+++ DATA PROVIDED
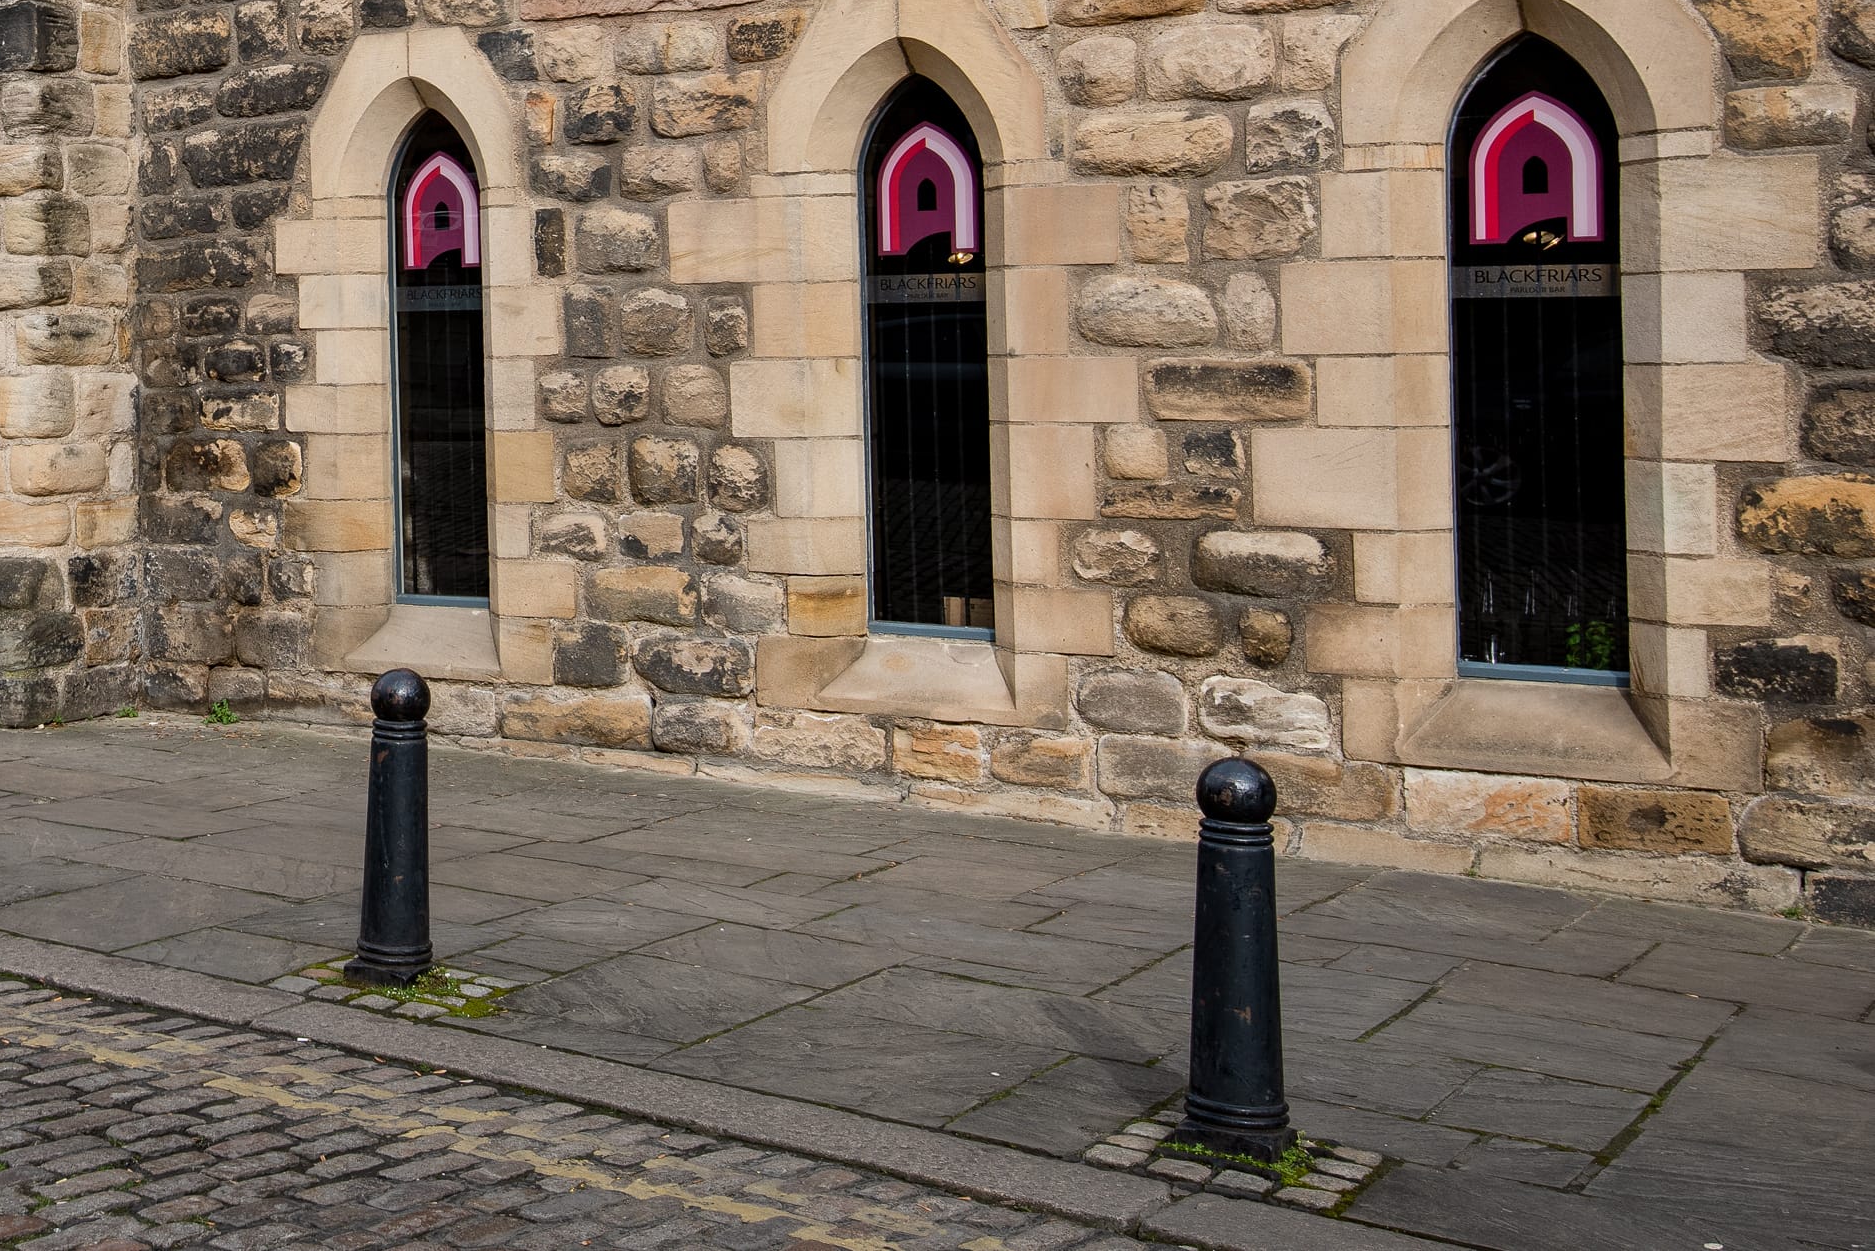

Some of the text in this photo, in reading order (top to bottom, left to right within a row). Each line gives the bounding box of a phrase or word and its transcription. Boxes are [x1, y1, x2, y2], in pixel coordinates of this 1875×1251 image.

[1475, 268, 1602, 284] BLACKFRIARS
[880, 276, 976, 291] BLACKFRIARS
[1510, 286, 1547, 294] PARLOUR
[407, 288, 482, 300] BLACKFRIARS
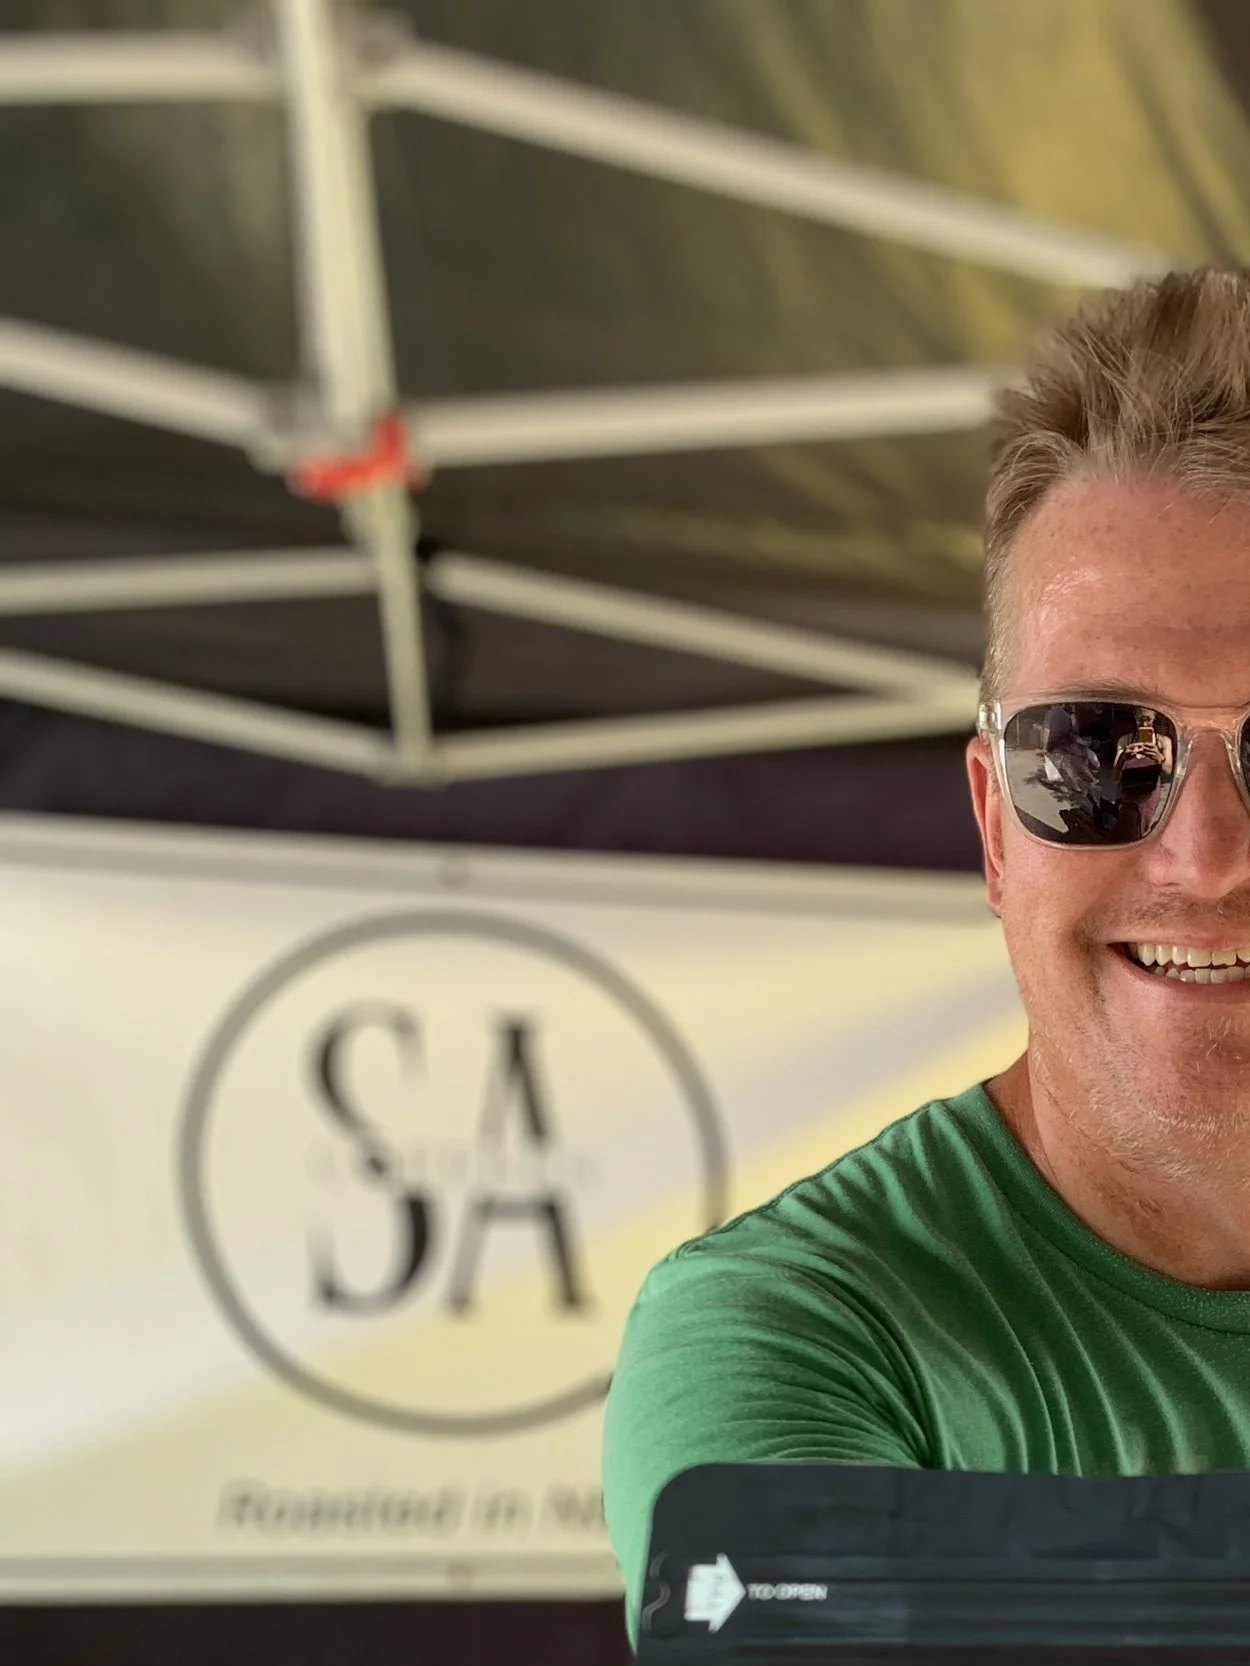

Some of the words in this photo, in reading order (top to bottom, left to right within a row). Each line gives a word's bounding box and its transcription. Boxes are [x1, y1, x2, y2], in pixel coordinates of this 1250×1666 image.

[308, 1002, 590, 1314] SA
[747, 1583, 774, 1601] TO
[775, 1583, 828, 1601] OPEN
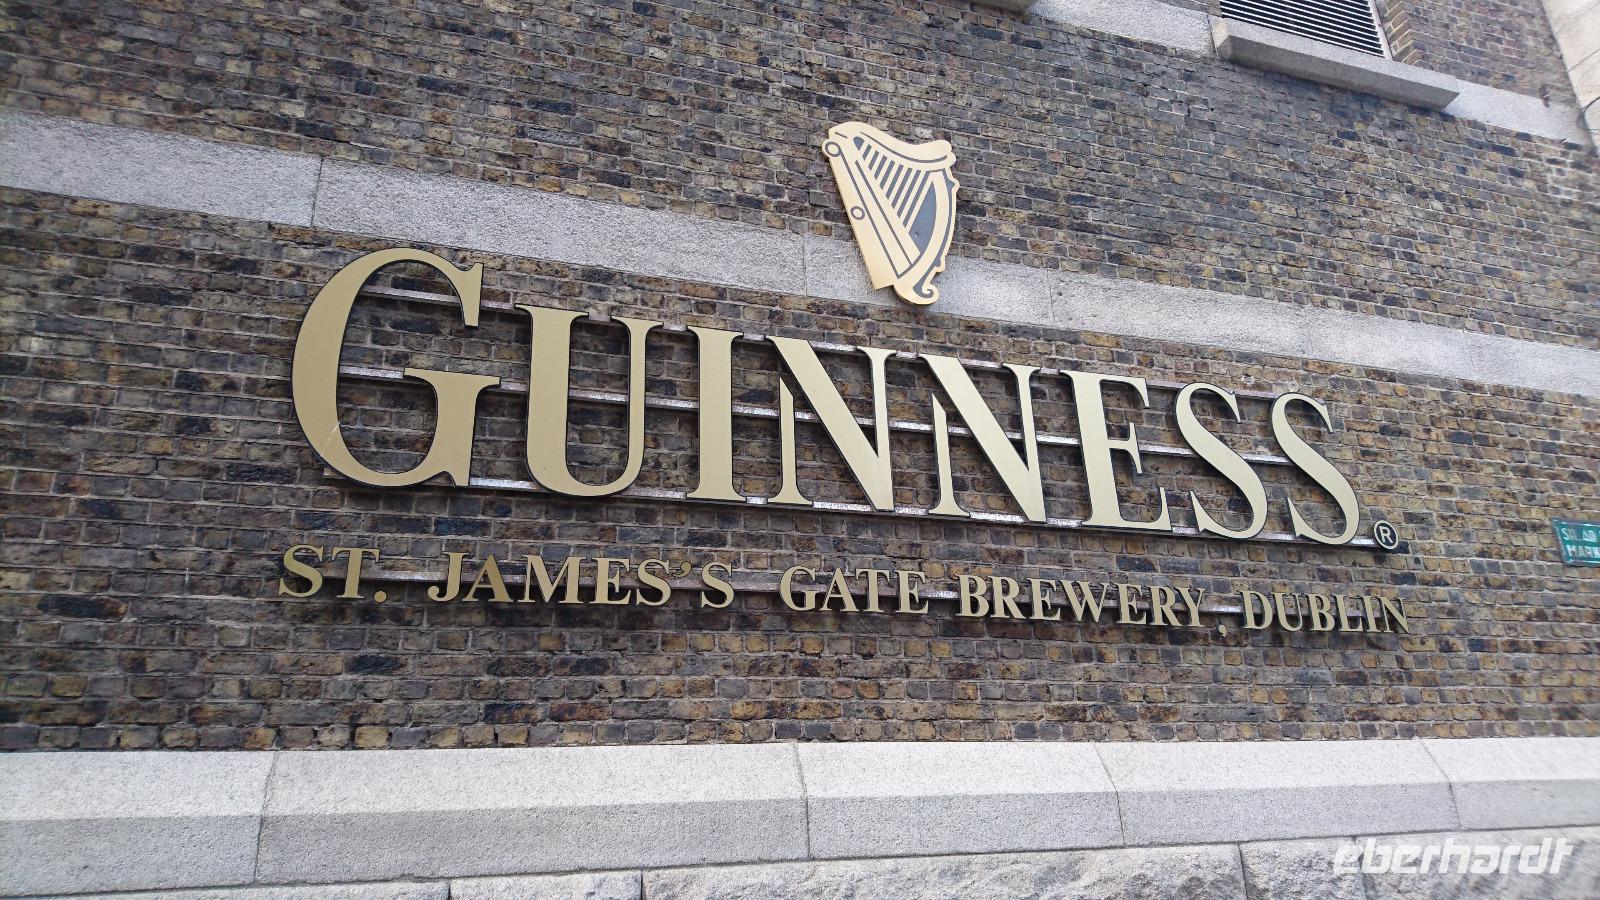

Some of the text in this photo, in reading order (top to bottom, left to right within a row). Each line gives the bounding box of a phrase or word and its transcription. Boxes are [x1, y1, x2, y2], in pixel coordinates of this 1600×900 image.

[292, 247, 1361, 546] GUINNESS
[278, 544, 388, 603] ST.
[427, 550, 735, 609] JAMES'S
[779, 564, 930, 615] GATE
[1238, 589, 1411, 634] DUBLIN
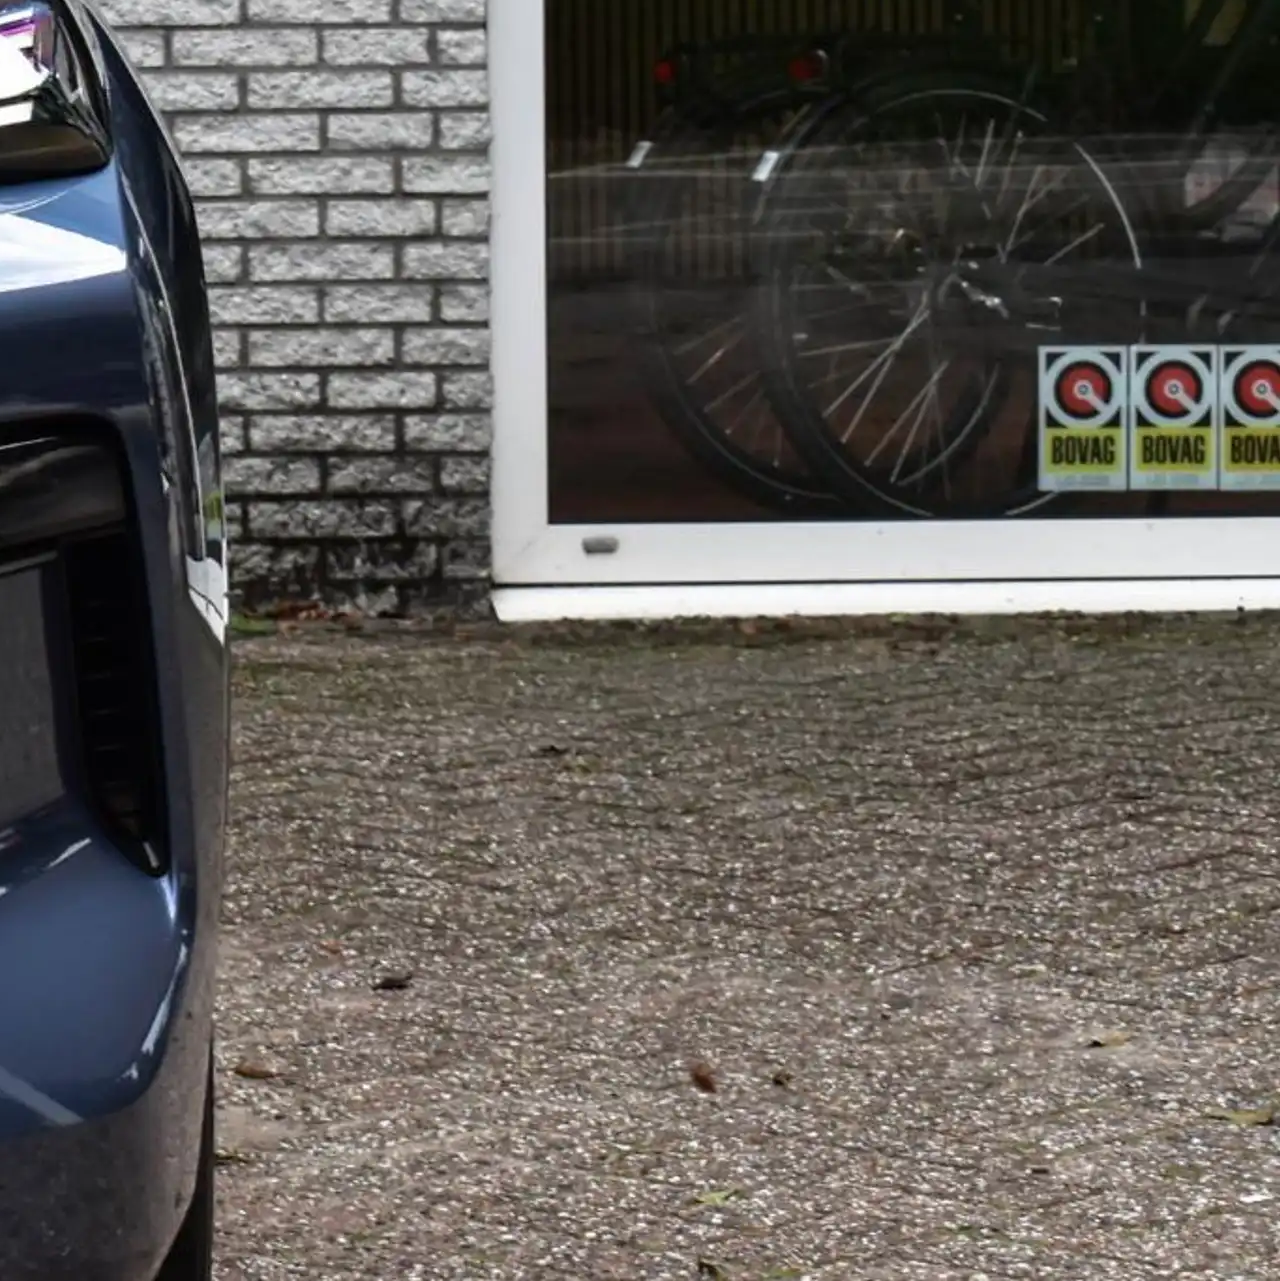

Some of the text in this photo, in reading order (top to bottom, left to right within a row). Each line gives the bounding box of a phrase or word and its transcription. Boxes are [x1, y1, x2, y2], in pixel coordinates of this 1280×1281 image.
++++++
TASK: Working from the line with "this 1600×900 image." down through the last line of the records, give every line again exactly, but no pictures.

SOLUTION FOR THIS EXERCISE:
Some of the text in this photo, in reading order (top to bottom, left to right within a row). Each line gives the bounding box of a phrase or word and its transcription. Boxes are [x1, y1, x2, y2], in pixel coordinates of this 1600×900 image.

[292, 247, 1361, 546] GUINNESS
[278, 544, 388, 603] ST.
[427, 550, 735, 609] JAMES'S
[779, 564, 930, 615] GATE
[1238, 589, 1411, 634] DUBLIN

Some of the text in this photo, in reading order (top to bottom, left to right within a row). Each line gives the bounding box of a phrase or word and its transcription. Boxes are [x1, y1, x2, y2], in pixel coordinates of this 1280×1281 image.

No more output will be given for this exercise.